In our first iteration of this ingestion service, we decided to make the inventory project its own service written in Ruby on Rails, as Rails was the most known framework in our company with PostgreSQL as the database. We utilized Sidekiq (a Rails job scheduling library) for background workers and data processing. The project was running on Amazon Elastic Container Service (Amazon ECS), and it was using RabbitMQ as the main communication tool with our monolith.
At first, our service was running smoothly, but with time, the number of job postings we processed grew from thousands a day to tens of thousands, and then to hundreds of thousands. This made us push more and more processing to the database layer with long and complicated SQL queries to be able to process everything in time. But it was still not enough. We still experienced high variance in processing times, which made us uncertain about our scalability metrics. Deploying larger instances would’ve solved the problem only temporarily while growing our costs by a large margin. We had to do something differently, but what?

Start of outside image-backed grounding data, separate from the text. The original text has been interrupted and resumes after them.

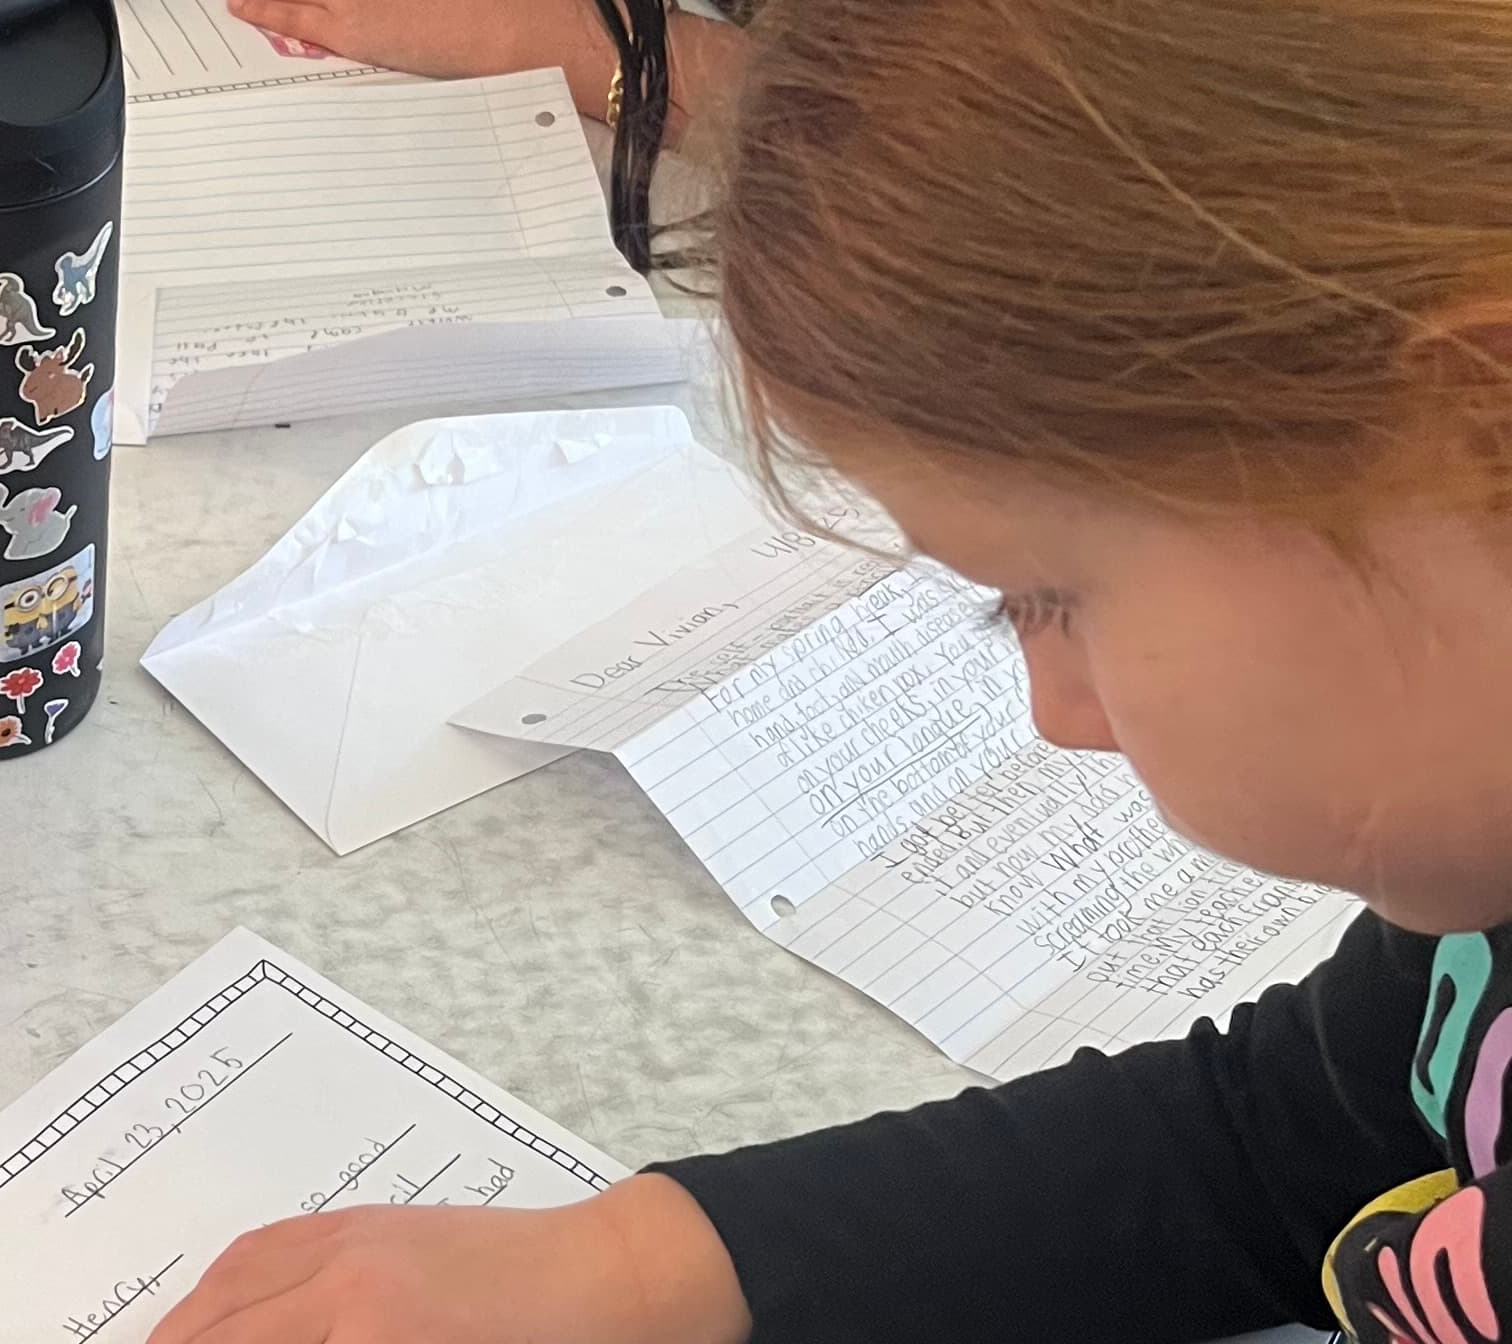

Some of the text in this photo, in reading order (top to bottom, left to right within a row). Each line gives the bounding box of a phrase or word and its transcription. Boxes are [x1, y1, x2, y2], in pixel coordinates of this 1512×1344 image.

[570, 603, 738, 689] Dear Vivian,
[701, 616, 848, 713] For my spring
[727, 695, 772, 727] home
[809, 783, 844, 815] on
[843, 747, 896, 796] your
[815, 738, 860, 787] your
[987, 782, 1043, 816] then
[949, 879, 995, 909] but
[984, 825, 1103, 916] know What
[1016, 891, 1070, 935] with
[1034, 884, 1129, 955] screaming
[1094, 905, 1144, 943] took
[1143, 883, 1178, 911] me
[1140, 956, 1198, 1003] that
[1177, 963, 1225, 999] has
[61, 1152, 122, 1205] April
[164, 1047, 243, 1113] 2025
[300, 1191, 326, 1217] so
[338, 1137, 385, 1191] good
[464, 1157, 515, 1196] had
[63, 1277, 160, 1337] Henry,

Signal for Serverless Transformation
An important aspect of our project was that it needed to import job details at certain times, which created a very spiky usage pattern. We believe spiky usage is one of the most important triggers for serverless transformation. You can find the CPU utilization of our database server below.
Overview of Solution
Given that we needed to scale to accommodate spiking workloads, we decided to use Amazon Aurora Serverless since it scales to meet our demand. Combined with AWS Lambda functions for code execution, this setup gave us the greatest scaling possibilities, both up and down. We still wanted to keep our Rails monolith and minimize disruption, but our RabbitMQ provider had a hard cap on messages/sec processed. We decided to replace it with an Amazon Simple Queue Service (Amazon SQS) queue to remove this limitation as our processing was going to scale with demand.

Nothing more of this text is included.